WHAT TO PRODUCE: Look for the line containing "this 1280×1441 image." in the entries below, then print that line and all that follow it exactly.

EXTRACTED MATERIAL:
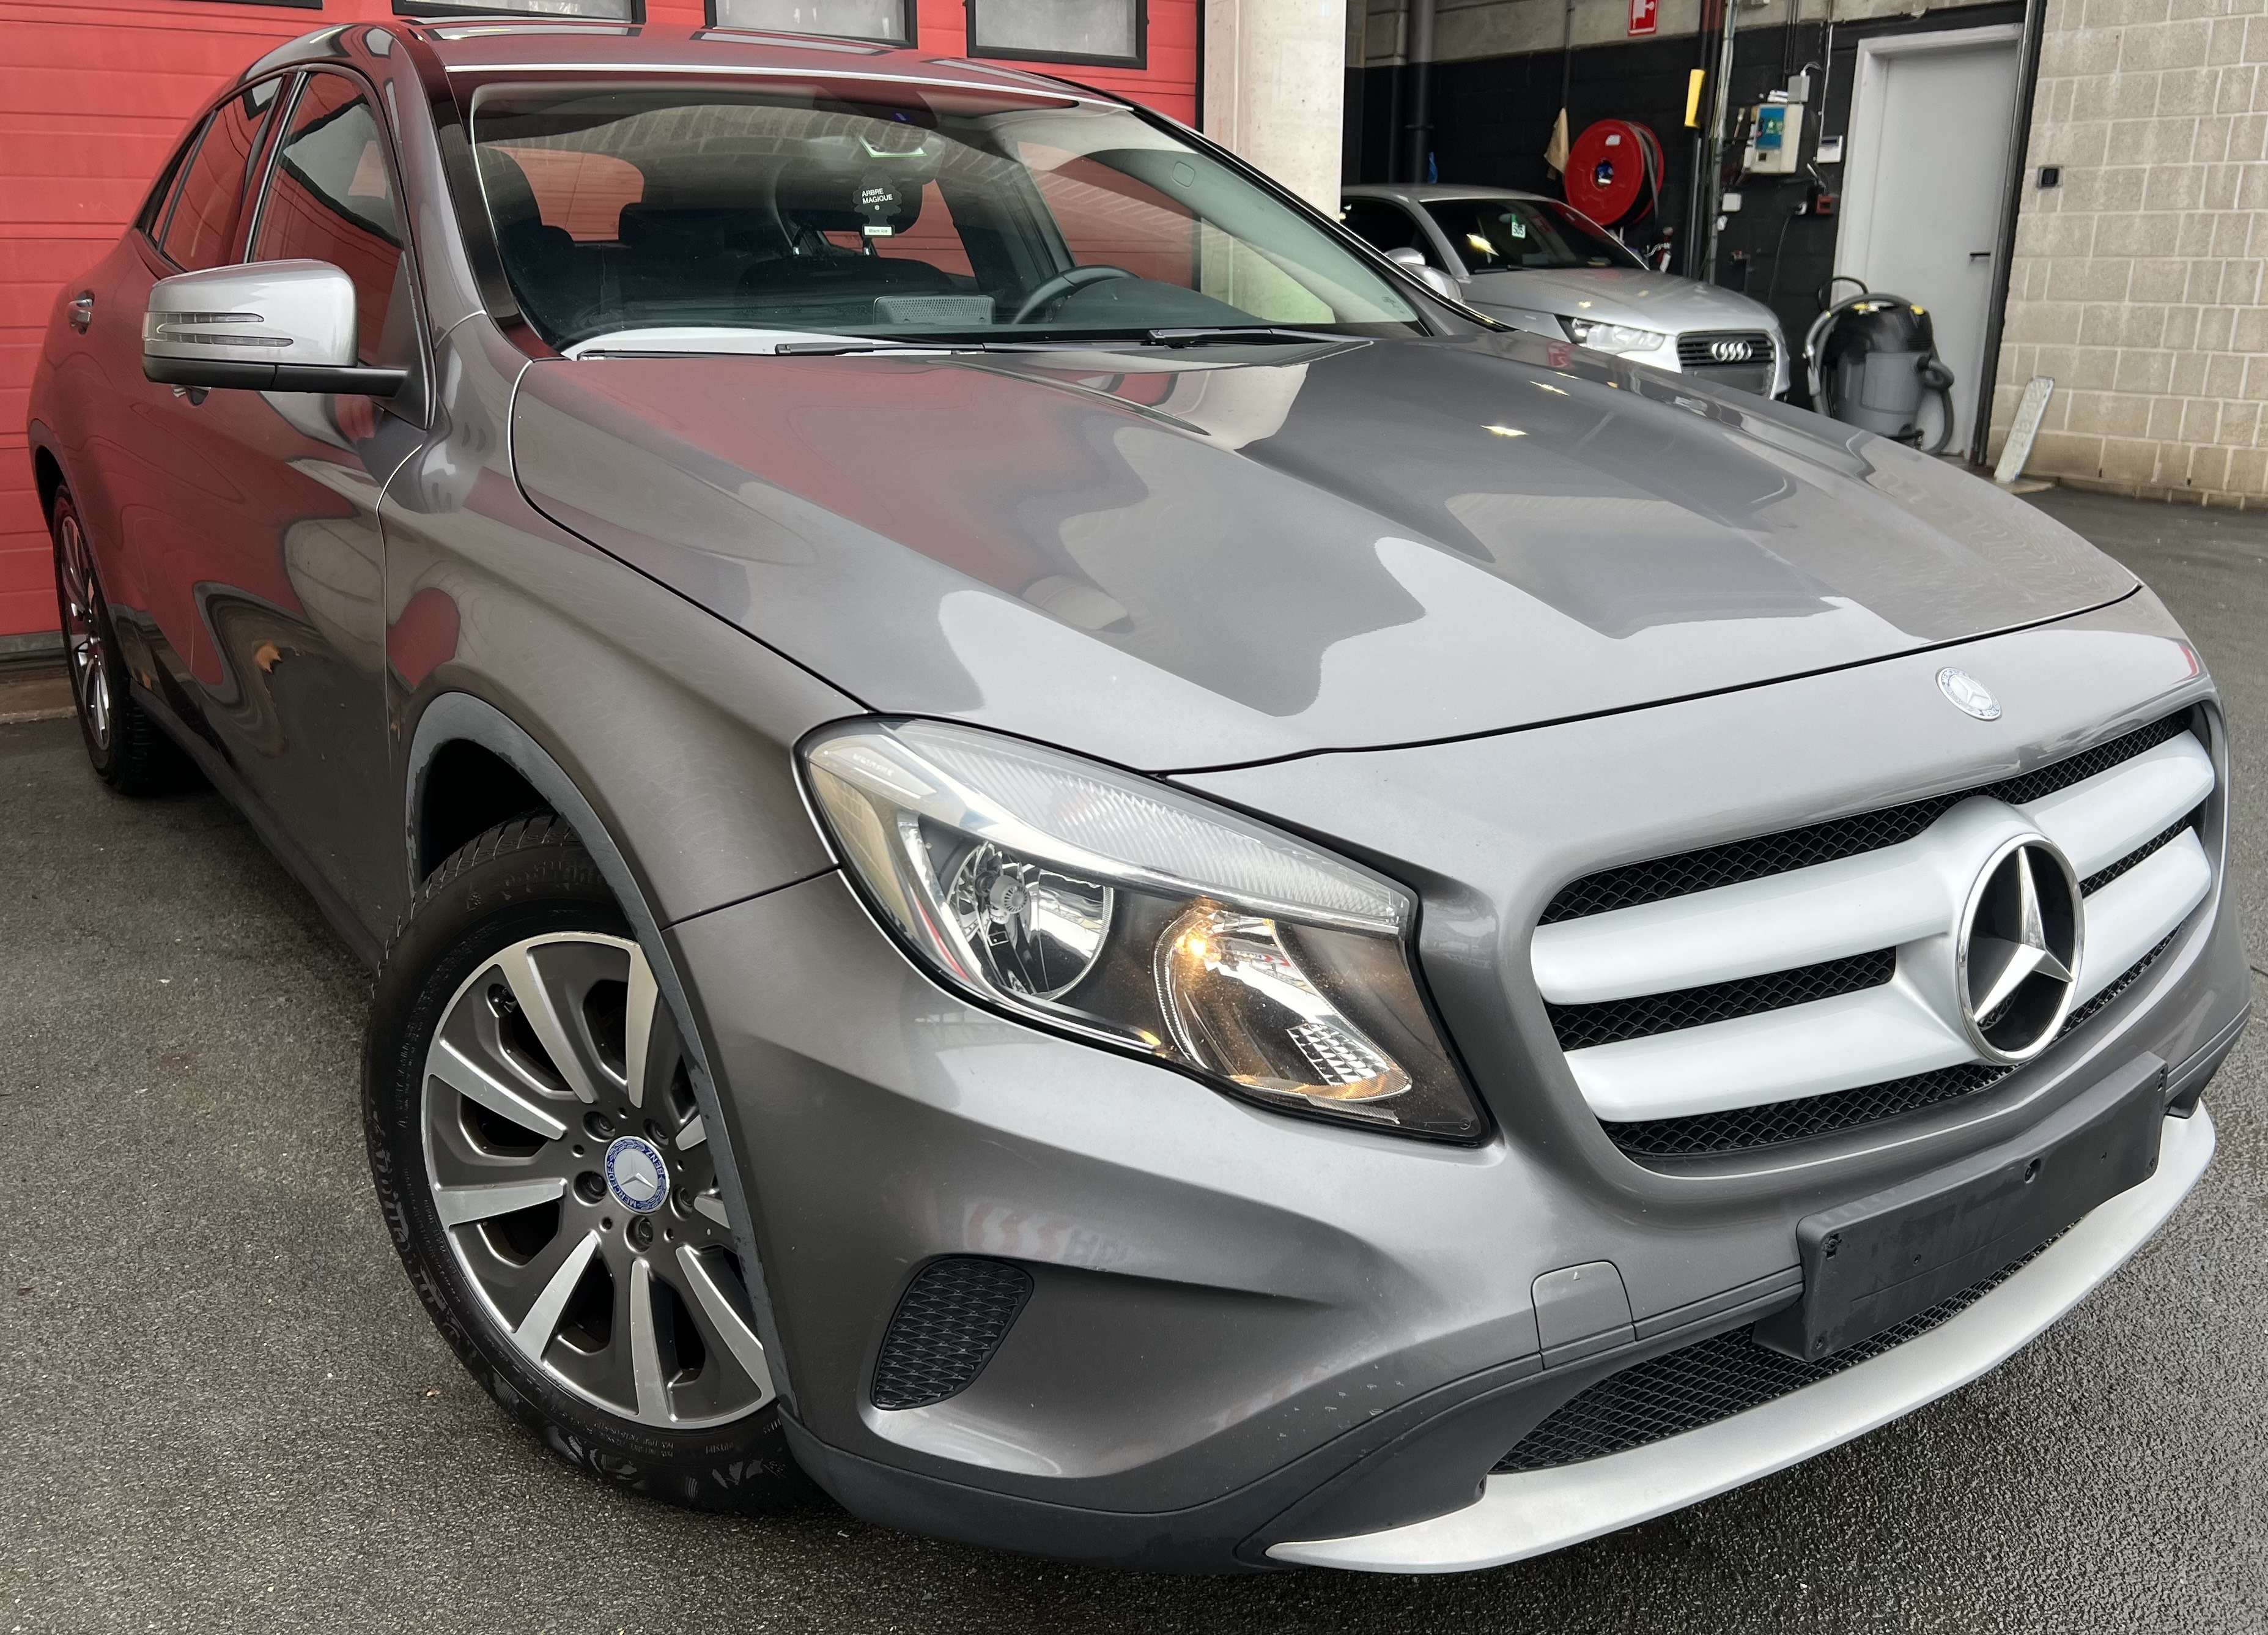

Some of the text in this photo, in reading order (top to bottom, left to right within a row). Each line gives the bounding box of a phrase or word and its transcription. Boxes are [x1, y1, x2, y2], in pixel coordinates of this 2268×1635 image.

[862, 194, 893, 204] MAGIQUE
[645, 1148, 665, 1177] BENZ
[607, 1160, 637, 1208] MERCEDES
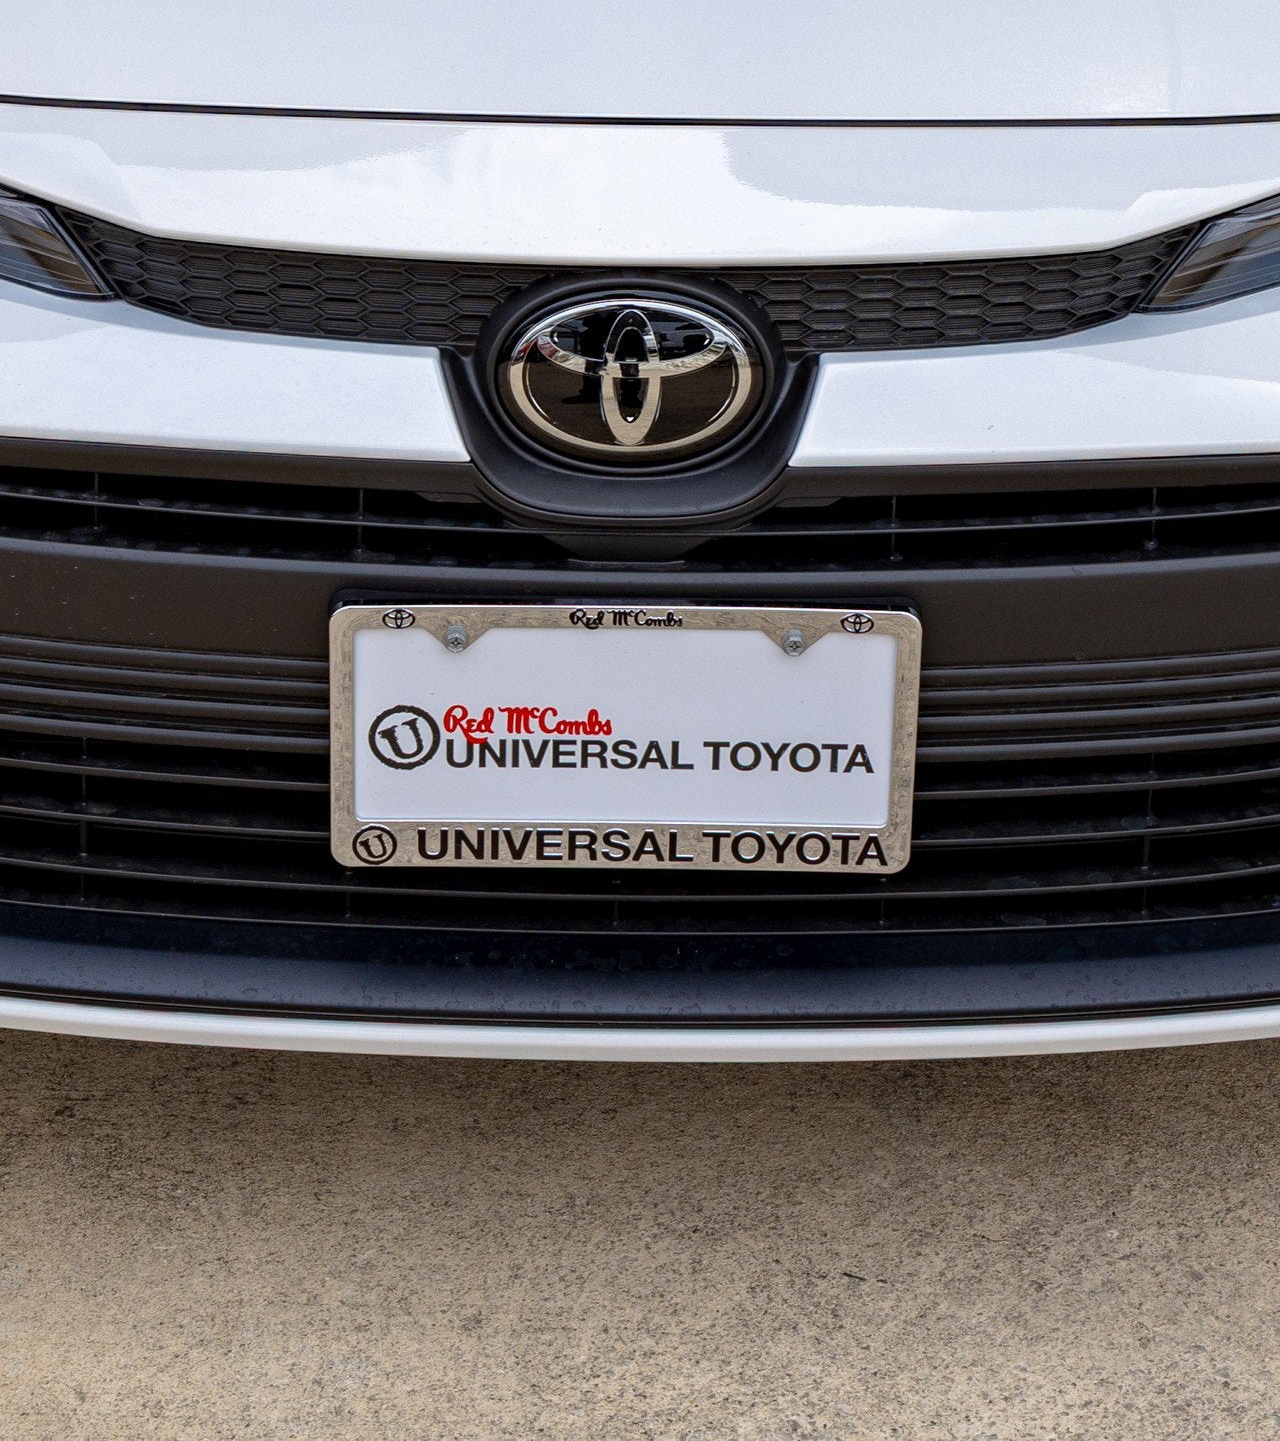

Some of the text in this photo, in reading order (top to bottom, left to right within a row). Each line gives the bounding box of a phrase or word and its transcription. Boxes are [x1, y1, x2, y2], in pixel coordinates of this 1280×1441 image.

[569, 607, 684, 630] Red McCombs
[443, 704, 613, 744] Red McCombs
[445, 738, 874, 774] UNIVERSAL TOYOTA
[417, 827, 888, 866] UNIVERSAL TOYOTA

EXPECTED OUTPUT:
Some of the text in this photo, in reading order (top to bottom, left to right within a row). Each line gives the bounding box of a phrase or word and its transcription. Boxes are [x1, y1, x2, y2], in pixel coordinates of this 1280×1441 image.

[569, 607, 684, 630] Red McCombs
[443, 704, 613, 744] Red McCombs
[445, 738, 874, 774] UNIVERSAL TOYOTA
[417, 827, 888, 866] UNIVERSAL TOYOTA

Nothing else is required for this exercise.